Richard Armitage is a GP and Honorary Assistant Professor at the University of Nottingham’s Academic Unit of Population and Lifespan Sciences. He is on Twitter/X: @drricharmitage

Respect for autonomy is considered to be of high importance in almost all moral theories. It is, for example, a central element of Immanuel Kant’s deontological moral theory, while the utilitarian philosopher John Stuart Mill argued its importance in his On Liberty (Mill used alternative terms, however, such as ‘liberty’ and ‘individuality’). Although it does not amount to a complete moral theory in itself, all GPs will be familiar with Beauchamp and Childress’ Four Principles framework,1 which elevates respect for autonomy as a foundational component to ethical medical practice (Raanan Gillon describes autonomy in relation to these other principles as the ‘first among equals’).2 This essay shall explore what a respect for autonomy requires of GPs, its manifestation as the patient’s ‘right’ not to know, and the problems this raises for contemporary general practice.

What is autonomy?

‘Autonomy’ is derived from the Greek ‘auto’ (meaning ‘self’) and ‘nomos’ (meaning ‘rule, governance, or law’). Autonomy is the principle that individuals have the right to make decisions, hold views, and undertake actions based on their personal views and values. Broadly speaking, a person is autonomous if they govern their own decisions and actions.

The importance of respect for autonomy — particularly in contemporary medical practice — has increased with changing social expectations and, arguably, the flattening of hierarchical social and political structures. In earlier times, the authority of the physician was simply accepted, and the doctor was expected to dictate to the patient precisely what he or she must do. In modern medical practice, however, we expect patients to engage in shared decision making with the GP providing their care, and it is the patients themselves — rather than their doctors — who ultimately decide which treatment options to accept.

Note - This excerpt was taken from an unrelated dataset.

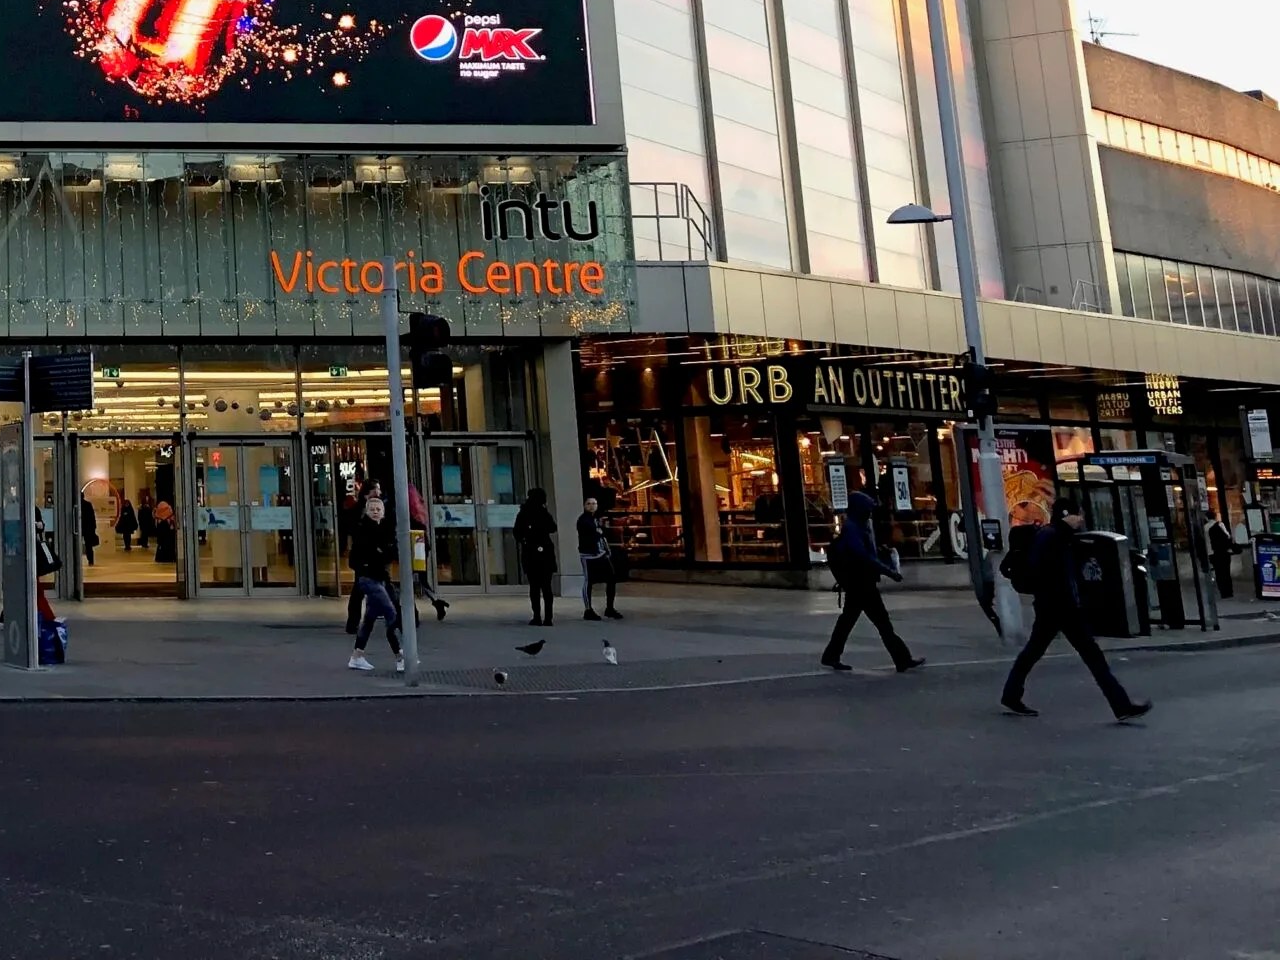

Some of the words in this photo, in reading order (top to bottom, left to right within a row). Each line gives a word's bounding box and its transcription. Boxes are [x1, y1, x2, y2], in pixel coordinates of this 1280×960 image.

“The importance of respect for autonomy … has increased with changing social expectations … “

For patients to be involved in this decision making, they must be informed of the relevant information regarding their care, such as the treatment options available and their associated risks and potential benefits. This requirement places an additional burden on medical professionals, who now must not only be experts in diagnosing and managing medical conditions, but also in communicating complex information in ways that are accurate yet understandable to non-medical professionals.

There are various conceptualisations of autonomy. First, autonomy refers to the capacity for self-determination, meaning what a person could do under the necessary conditions or given the required resources (for example, a prisoner who lacks the means to escape lacks the capacity for self-determination). Second, realised autonomy is autonomy that is actually being exercised (for example, a patient who does not attend to the available relevant information regarding their medical care lacks realised autonomy). Third, normative autonomy is what autonomous people ought to be allowed to do, or the rights that people have to exercise their capacity for autonomy.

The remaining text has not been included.